筆者は2024年、さまざまな店舗での購入やECサービスを試してきました。中でもロイヤリティプログラムのサービスにおいて、派手さはないものの好印象だったのが、ジュエリーブランドの「MEJURI(メジュリ)」です。
「MEJURI」公式サイト
「MEJURI」は、カナダ・トロントを拠点に、2015年に二人の女性創業者によって誕生したファインジュエリーブランドです。ファインジュエリーとは、素材にプラチナまたは18カラット以上の金を使用し、天然宝石をあしらったジュエリーのことをいいます。同ブランドは”親しみやすく楽しい”をコンセプトに、カナダ国内で人気を拡大して以降、2018年には米国に進出し、ニューヨーク・ソーホーに店舗を構えています。
手頃な価格で購入できるゴールドヴェルメイユ(18Kゴールドをスターリングシルバーの上に重ねたもの、金メッキ)のジュエリーはアメリカでも注目を集めました。また、ゴールドやダイヤモンドなどのファインジュエリーも人気となり、2023年12月にはラボグロウンダイヤモンド(人工的につくられたダイヤモンド)の展開を開始。幅広いコレクションを展開しています。

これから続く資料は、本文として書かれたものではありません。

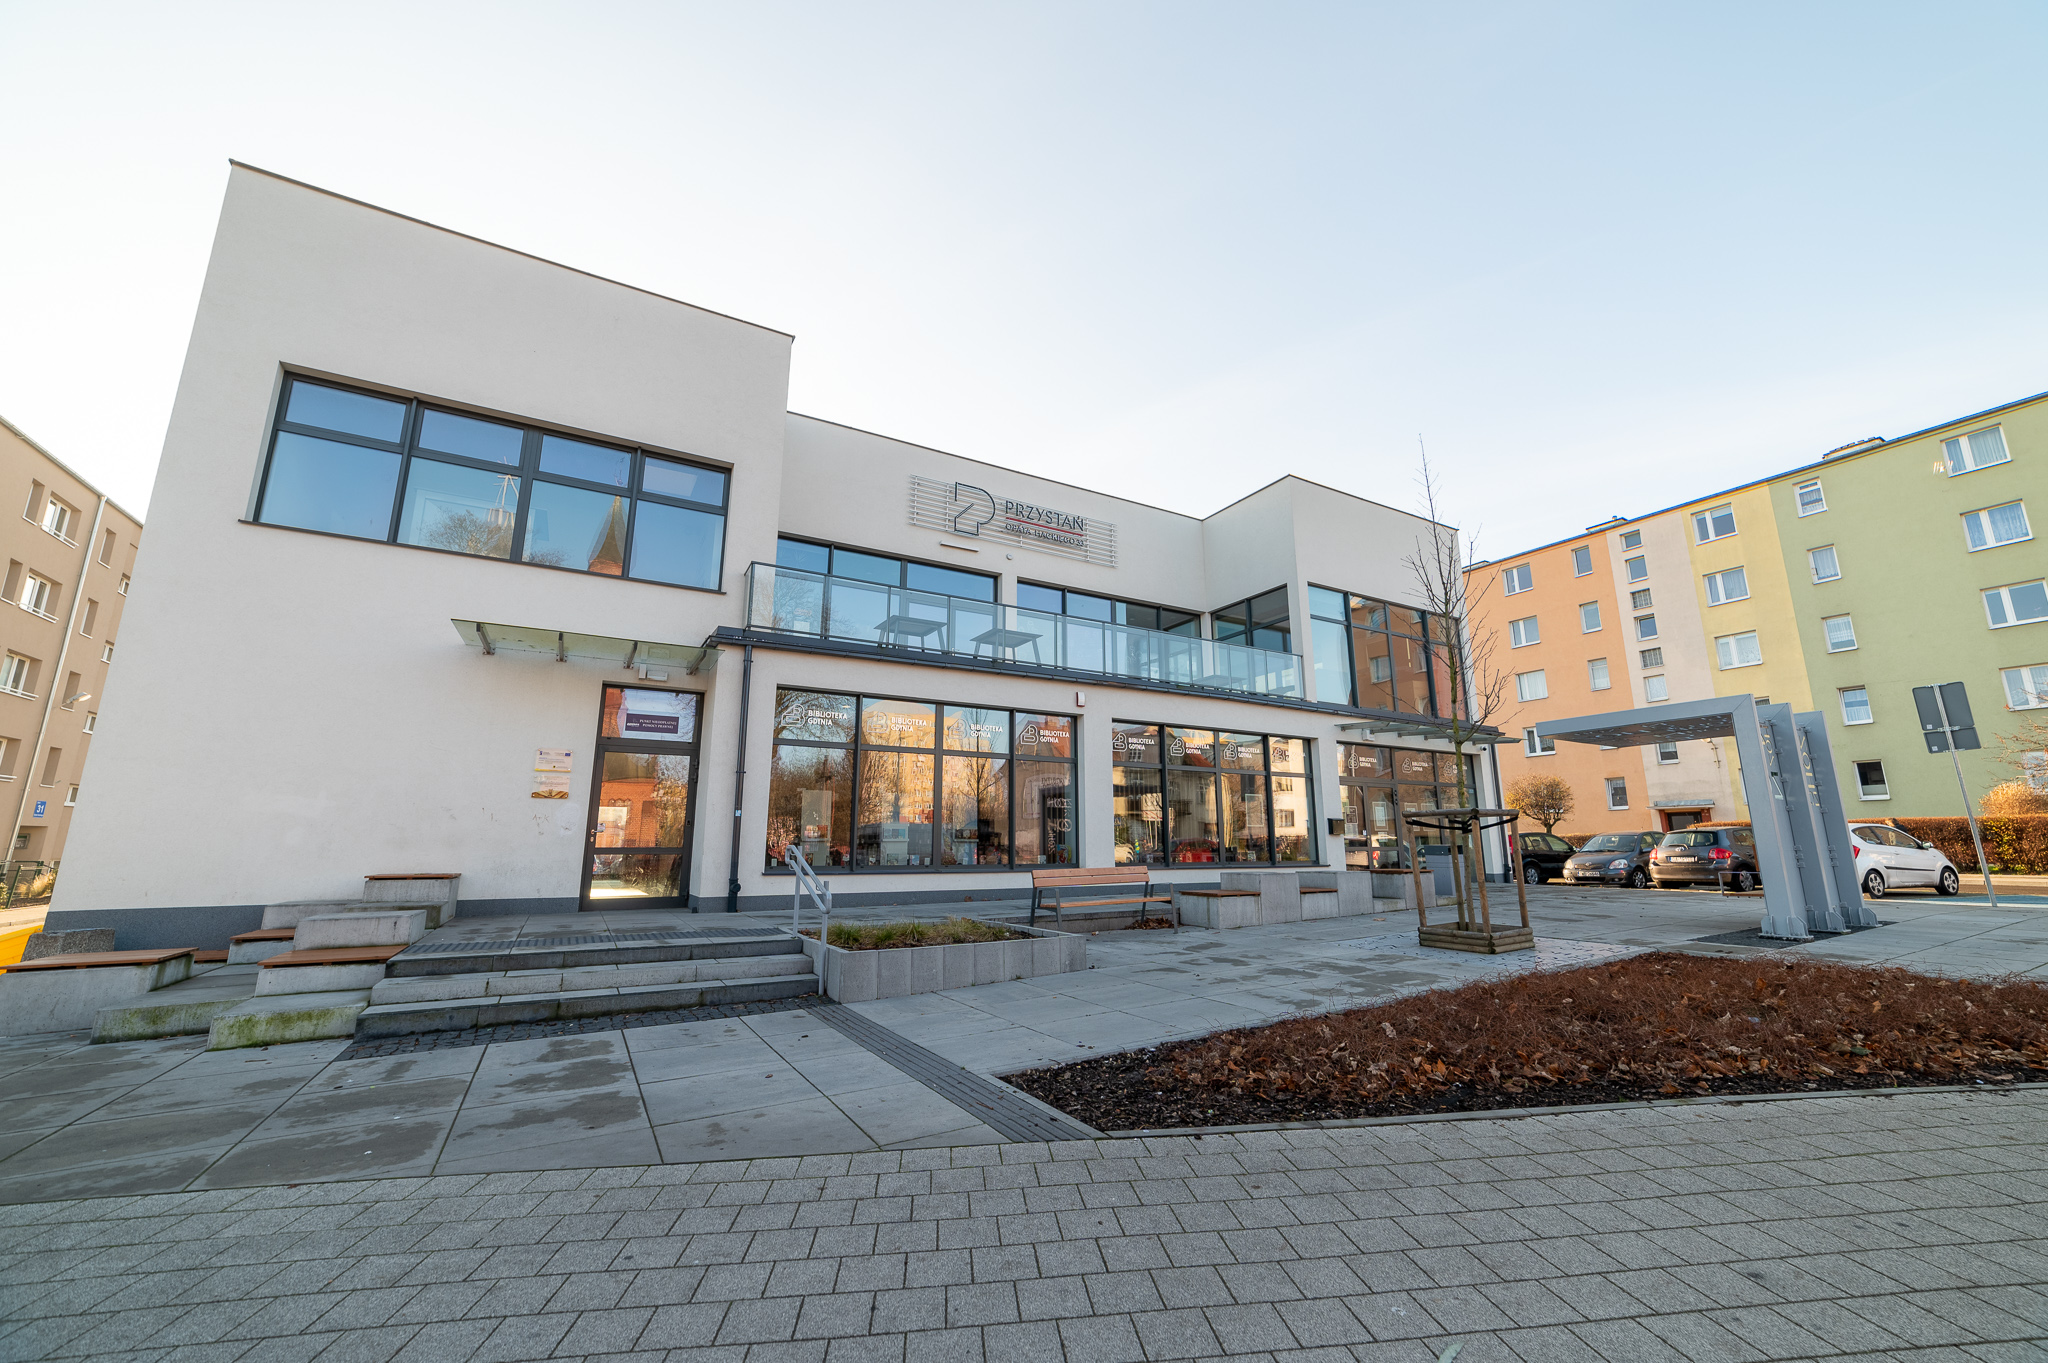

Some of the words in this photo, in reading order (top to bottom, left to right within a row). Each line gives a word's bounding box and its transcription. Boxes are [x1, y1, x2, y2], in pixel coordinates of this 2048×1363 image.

[1005, 500, 1084, 532] PRZYSTAŃ
[1005, 523, 1032, 536] OPATA
[808, 709, 848, 720] BIBLIOTEKA
[807, 717, 833, 726] GDYNIA
[891, 716, 927, 726] BIBLIOTEKA
[890, 724, 914, 732] GDYNIA
[970, 723, 1003, 732] BIBLIOTEKA
[1039, 729, 1070, 738] BIBLIOTEKA
[1128, 737, 1155, 745] BIBLIOTEKA

ロイヤリティープログラム「MEJURI +(メジュリプラス)」について
「MEJURI」では2023年9月に、自社アプリの始動と同時に、ロイヤリティプログラム「MEJURI+(メジュリプラス)」をスタートしました。同プログラムには、以下の会員特典があります。
- 限定商品、セールへの先行アクセス
- イベントへの先行招待
- 購入履歴などに基づいたパーソナライズコンテンツ(アプリ限定)
- 誕生月のプロモーションと限定サービス
- 毎週月曜日は送料無料(最低購入金額の制限なし)
10月の記事の中で紹介した「MZ Wallace(エムジー・ウォレス)」とは異なり、「MEJURI」のロイヤリティプログラムでのランク制度はないものの、顧客にとって魅力的な特典サービスが豊富に用意されています。

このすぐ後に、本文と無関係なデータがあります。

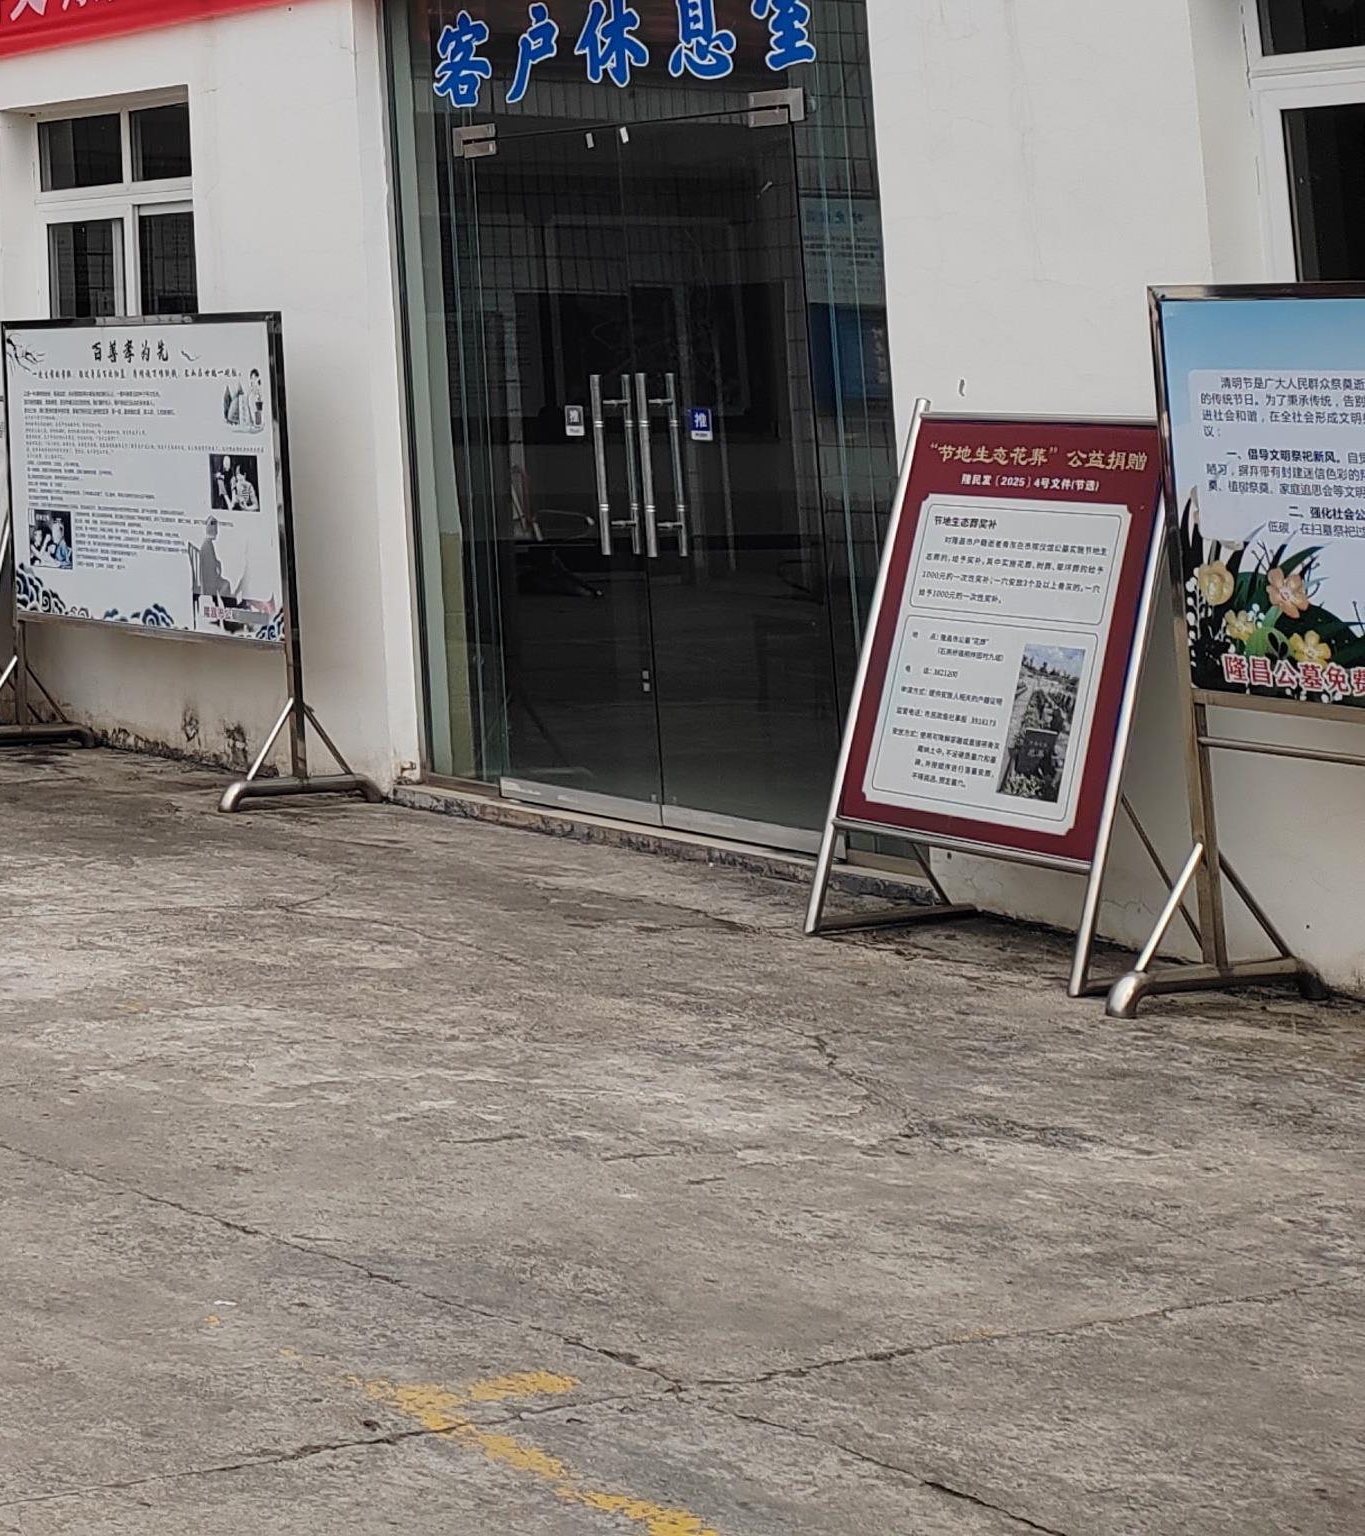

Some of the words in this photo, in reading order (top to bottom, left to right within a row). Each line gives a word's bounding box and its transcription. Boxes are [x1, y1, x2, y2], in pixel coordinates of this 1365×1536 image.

[694, 413, 708, 428] 推
[1202, 409, 1365, 425] 进社会和谐，在全社会形成文明
[1066, 450, 1148, 471] 公益捐赠
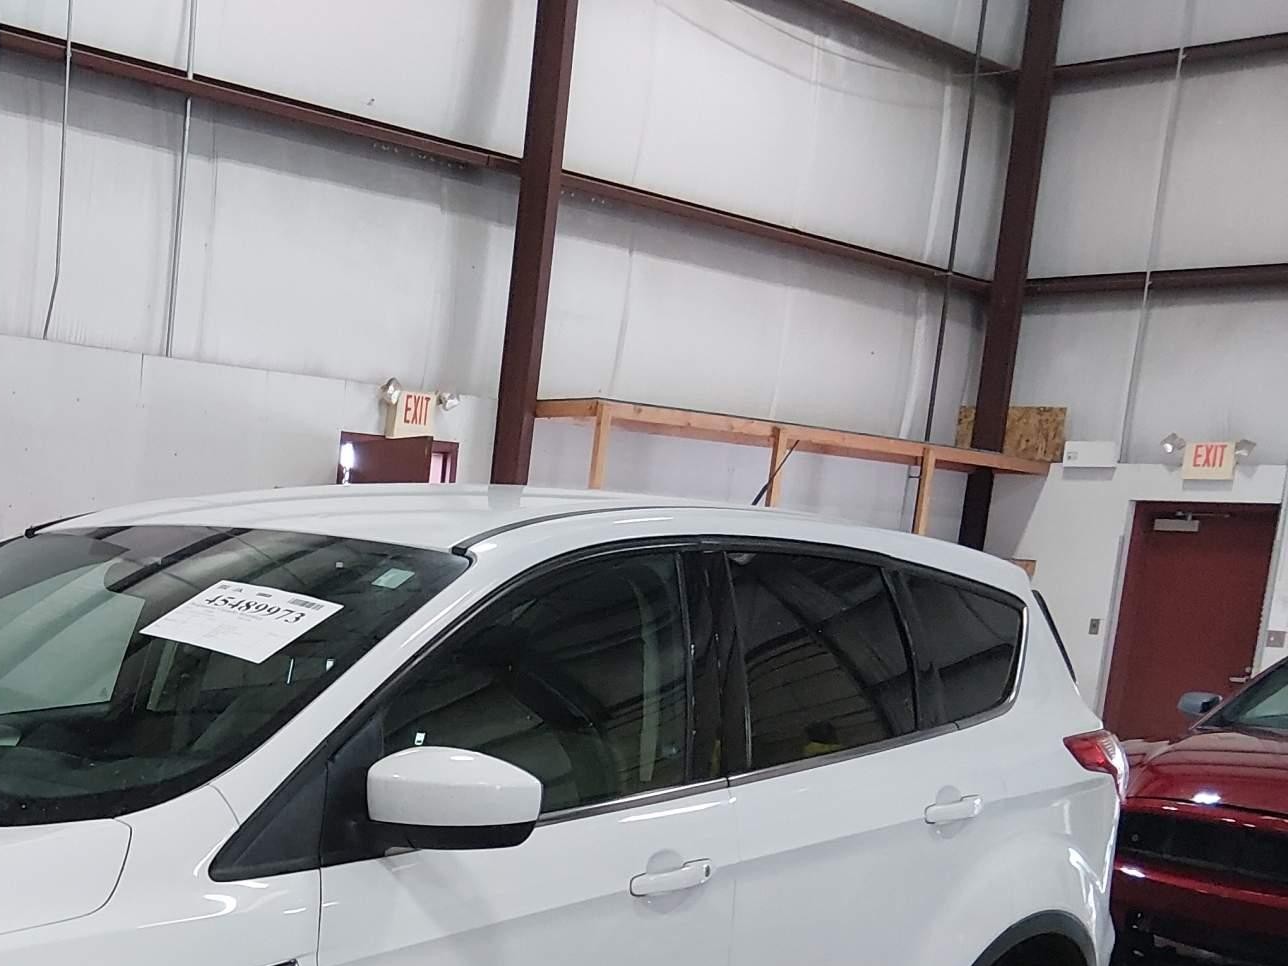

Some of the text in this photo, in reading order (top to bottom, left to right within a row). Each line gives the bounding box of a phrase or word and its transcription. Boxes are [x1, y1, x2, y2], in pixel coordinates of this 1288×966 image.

[403, 395, 431, 426] EXIT
[1192, 444, 1228, 468] EXIT
[204, 595, 306, 623] 45489973

多数あるサービスの中でも、顧客の誕生月の特典である「バースデー・スタイルセッション」では、店舗でパーソナルサービスを受けながら、特別に用意されたディスカウントで買い物を楽しめます。こうしたサービスは、ブランドが自然な形で、顧客の特別な日に関わることができる機会です。また、顧客側にとっても、こうした特別な体験を通じて購入した商品は、記憶に残るものとなるでしょう。
この他にも「MEJURI+」メンバーは、「新商品が発売される月曜日限定」で、購入価格に関係なく送料無料の特典を受けることができます。最近は会員登録をすれば「いつでも送料無料」を特典とするブランドもありますが、逆に曜日を限定することで「MEJURIで買い物する特別な日」という印象を与えてくれます。
「MEJURI」の店舗(画像左)と、
筆者が購入したゴールドヴェルメイユ製のイヤリング。58ドル(約8,700円)(画像中央・右)

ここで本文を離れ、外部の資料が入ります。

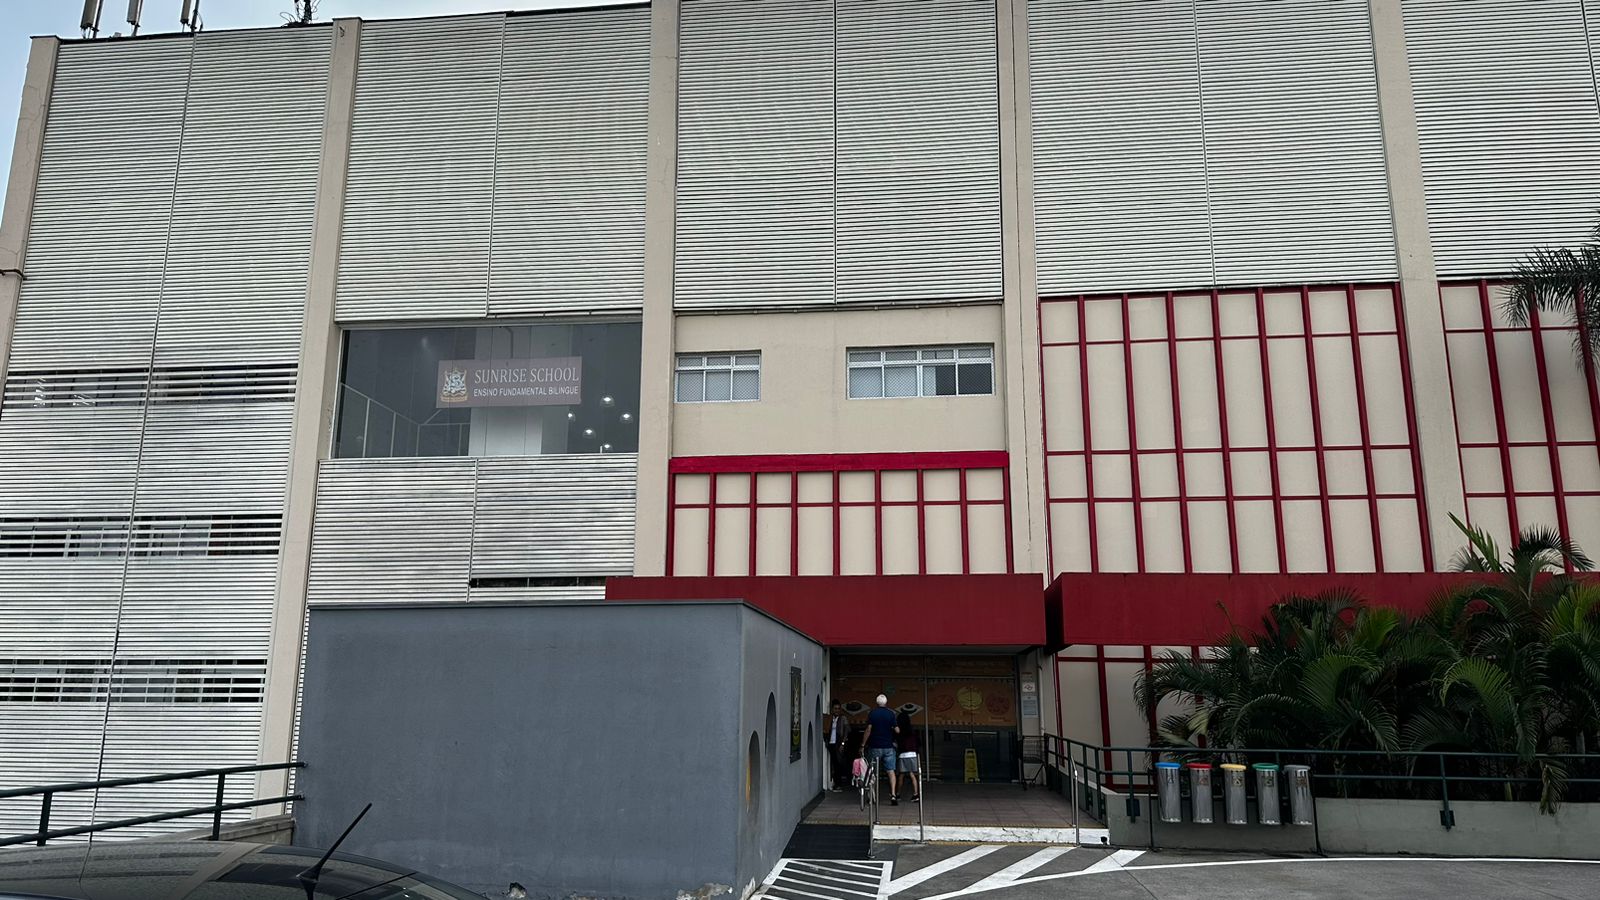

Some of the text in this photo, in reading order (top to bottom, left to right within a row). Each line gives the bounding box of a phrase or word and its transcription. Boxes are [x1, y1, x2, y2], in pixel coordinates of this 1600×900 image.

[474, 367, 579, 384] SUNRISE SCHOOL
[473, 387, 498, 397] ENSINO
[499, 387, 547, 396] FUNDAMENTAL

今回筆者は、ソーホーにある「MEJURI」の路面店でピアスを購入しました。店舗スタッフが適度にアドバイスをしてくれる中で、心置きなく買い物することができました。購入後のレシートはメールで送付されてきます。店舗に訪れて買い物をした際に届く「サンキューメール」は、レシートメールに続いて送付されます。その中には「100ドル(約1万5,000円)」のギフトカードに当選するかも」というさらなる特典付きのアンケートが添えられていて、顧客の声を聞き入れるブランドの姿勢を表しているようでした。
ブラックフライデーでの差別化
「MEJURI」ストアイベントにて筆者撮影
11月のブラックフライデーの際には、会員限定の特別なストアプロモーションが実施されました。「MEJURI+」メンバーを対象に、事前の10月末にVIPショッピングイベントの招待が送付されました。同ストアイベントの内容は、「全品25%オフ」という特別割引が当日・時間限定で提供され、参加方法としては、事前に参加したい店舗を登録するというものでした。
「MEJURI」の通常のブラックフライデーセールでも同じ割引率が提供されましたが、そのプロモーションを利用するためには、最低でも150ドル(約22,500円)以上の商品購入が必要でした。そうした一般顧客と会員との特典の差別化を図り、会員限定で先行購入イベントを実施することで、会員と店舗との関係を深める機会を醸成し、さらに、「MEJURI+」メンバーの中からロイヤル顧客を見出す結果となったでしょう。
初回の「ウェルカムプロモーション」も嬉しいものですが、ブランドでの買い物回数が増えてくると、顧客はその貢献度に対するリターンを期待するものではないでしょうか。ロイヤリティプログラムは、置き換えてしまえば、ブランドと顧客との恋愛のようなもので、エンゲージの頻度が増えてランクが上がるにつれて、ブランドは顧客の好みを熟知し、一方で、顧客はブランドのメッセージを理解していきます。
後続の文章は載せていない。